When both legal teams were standing before him, Giftos said in a voice thrumming with barely controlled anger, “Judge Rathburn. Evidence of an uncharged crime is prejudicial and should not be allowed.”
“Ms. Castellano?”
“Your Honor, Mr. Yates didn’t go to the police out of fear of retribution by the defendant. But his testimony about the gun shows her pattern of abuse. The jurors have a right to hear what the witness has to say.”
Rathburn asked, “You deposed the witness, Mr. Giftos?”
“He wasn’t forthcoming.”
“Well, I think this is a question of weight versus admissibility. I’m going to allow the testimony, Mr. Giftos. It’s admissible and you can cross-examine as to its weight.”
When James Giftos returned to his counsel table, his face was stormy.
Yuki remained standing near the witness box, keeping her elation under wraps. She’d won the very valuable point, the admission of Paul Yates’s testimony. But she’d also seen that Yates was high strung. Even now he looked ready to bolt for the exit. She asked him if he needed to take a short break.
“No. I’m okay.”
Yuki nodded and asked, “Do you remember what you were feeling when the defendant pointed her gun at you?”

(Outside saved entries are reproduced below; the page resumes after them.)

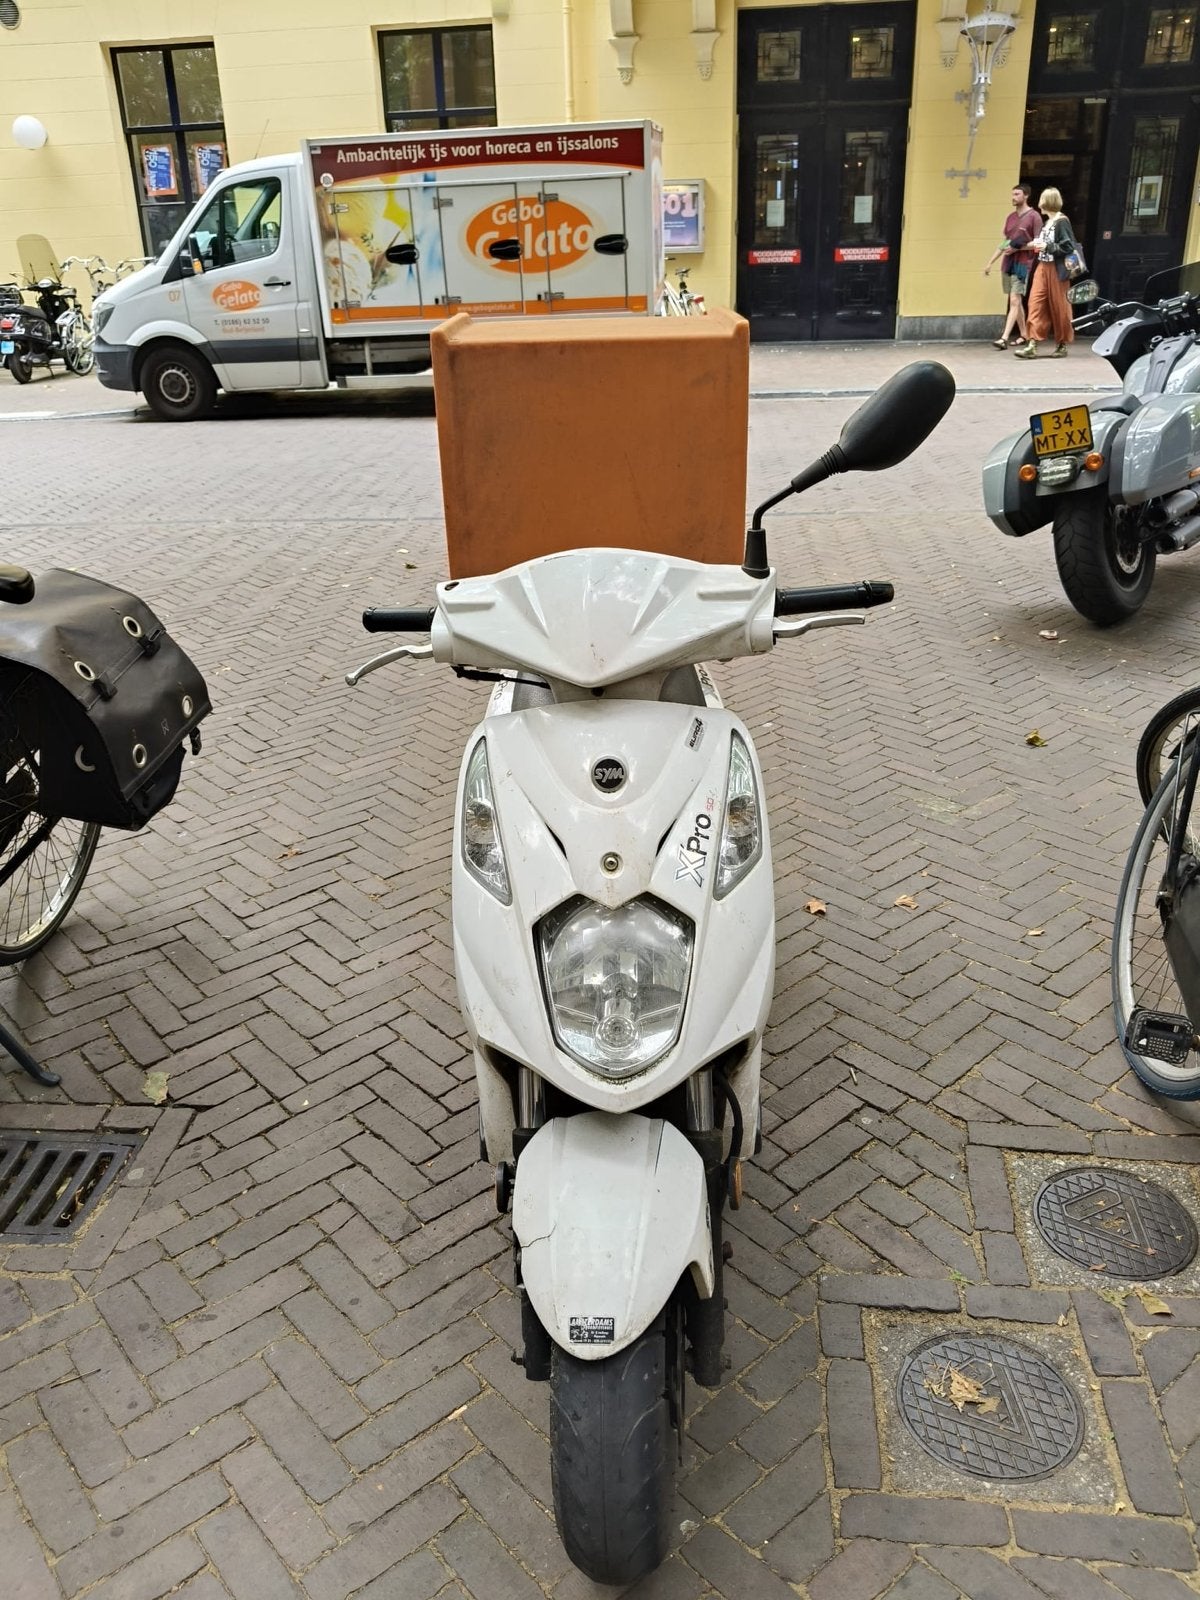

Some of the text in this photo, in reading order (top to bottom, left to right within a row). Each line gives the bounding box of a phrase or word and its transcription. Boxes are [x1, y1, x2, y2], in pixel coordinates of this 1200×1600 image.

[337, 136, 619, 163] Ambachtelijk ijs voor horeca en ijssalons
[491, 200, 545, 225] Gebo
[664, 192, 698, 217] 01
[475, 222, 594, 266] Glato
[168, 290, 180, 302] 07
[216, 289, 261, 307] Gelato
[1052, 412, 1073, 430] 34
[1036, 428, 1089, 452] MT-XX
[595, 767, 624, 783] SYM

“Terror,” said Yates. “Stark terror. It was the most frightening thing I’ve ever experienced. I froze. I could hardly hear what she was saying. My mind was jumping all over the place. The phone. The door. Pop her in the face with my fist. Was she jerking my chain or was she totally psycho? Fuck. I didn’t know what to do. She told me to take off my pants. At the moment that seemed like the best thing to do.”
“Did you take off your pants, Mr. Yates?”

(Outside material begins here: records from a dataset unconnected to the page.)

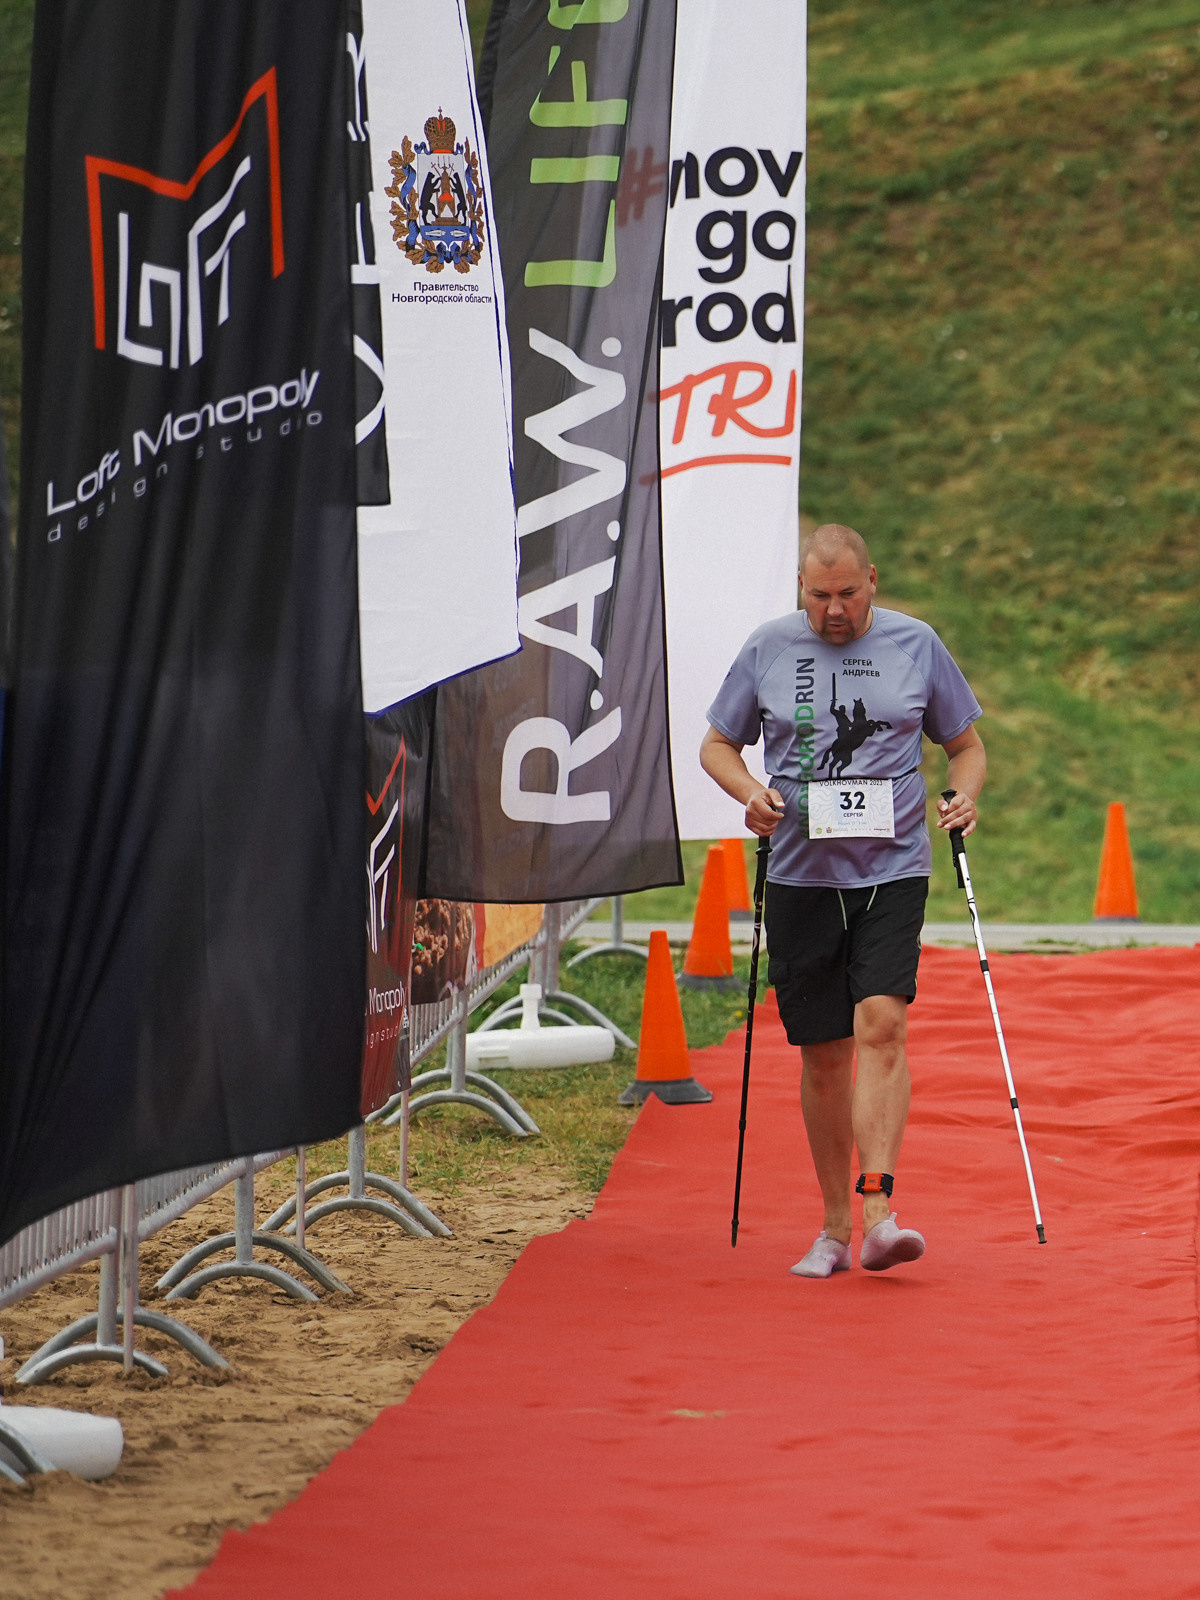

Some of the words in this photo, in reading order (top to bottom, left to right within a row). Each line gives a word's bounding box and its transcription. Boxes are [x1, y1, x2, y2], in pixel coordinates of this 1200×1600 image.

[695, 210, 796, 284] go
[413, 281, 479, 293] Правительство
[391, 293, 463, 305] Новгородской
[464, 293, 492, 303] области
[662, 265, 797, 347] rod
[46, 449, 121, 516] Loft
[132, 367, 320, 467] Monopoly
[47, 462, 168, 543] design
[842, 658, 873, 667] СЕРГЕЙ
[842, 669, 881, 678] АНДРЕЕВ
[820, 779, 868, 787] VOLKHOVMAN
[839, 791, 866, 810] 32

“I dropped them to the floor.”
“What did the defendant say to you, Mr. Yates?”
“She said something like ‘We’re going to, you know, fuck.’ And then she opened her hand and showed me the two blue pills. It was Viagra. She told me to take the pills. I said, ‘Sure,’ and as she held them out, I took a chance and batted her gun away. When she went after it, I pulled up my pants and ran out the door.”
“And what happened after that?” Yuki asked.
“I went down to the basement, where I stayed until I thought it was safe to come out.”
“Paul. Is the woman who assaulted you in this courtroom?”
“Yes,” he said.
“Please point her out for the jury.”
For the first time since he’d taken the stand, Paul Yates looked at the defense table. He pointed to Briana Hill.
Yuki said, “Let the record show that the witness has indicated the defendant.”
The judge said, “The record will so reflect.”
“Thank you, Mr. Yates. Your witness,” Yuki said to James Giftos.
CHAPTER 48
GIFTOS STOOD, BUTTONING his jacket. He kept his eyes on Paul Yates as he crossed the courtroom’s polished wood floor. Giftos greeted him, then launched into preliminary questions about his work as an advertising copywriter.
Yates described his job. “I write ads and campaigns. Print and TV commercials, et cetera.”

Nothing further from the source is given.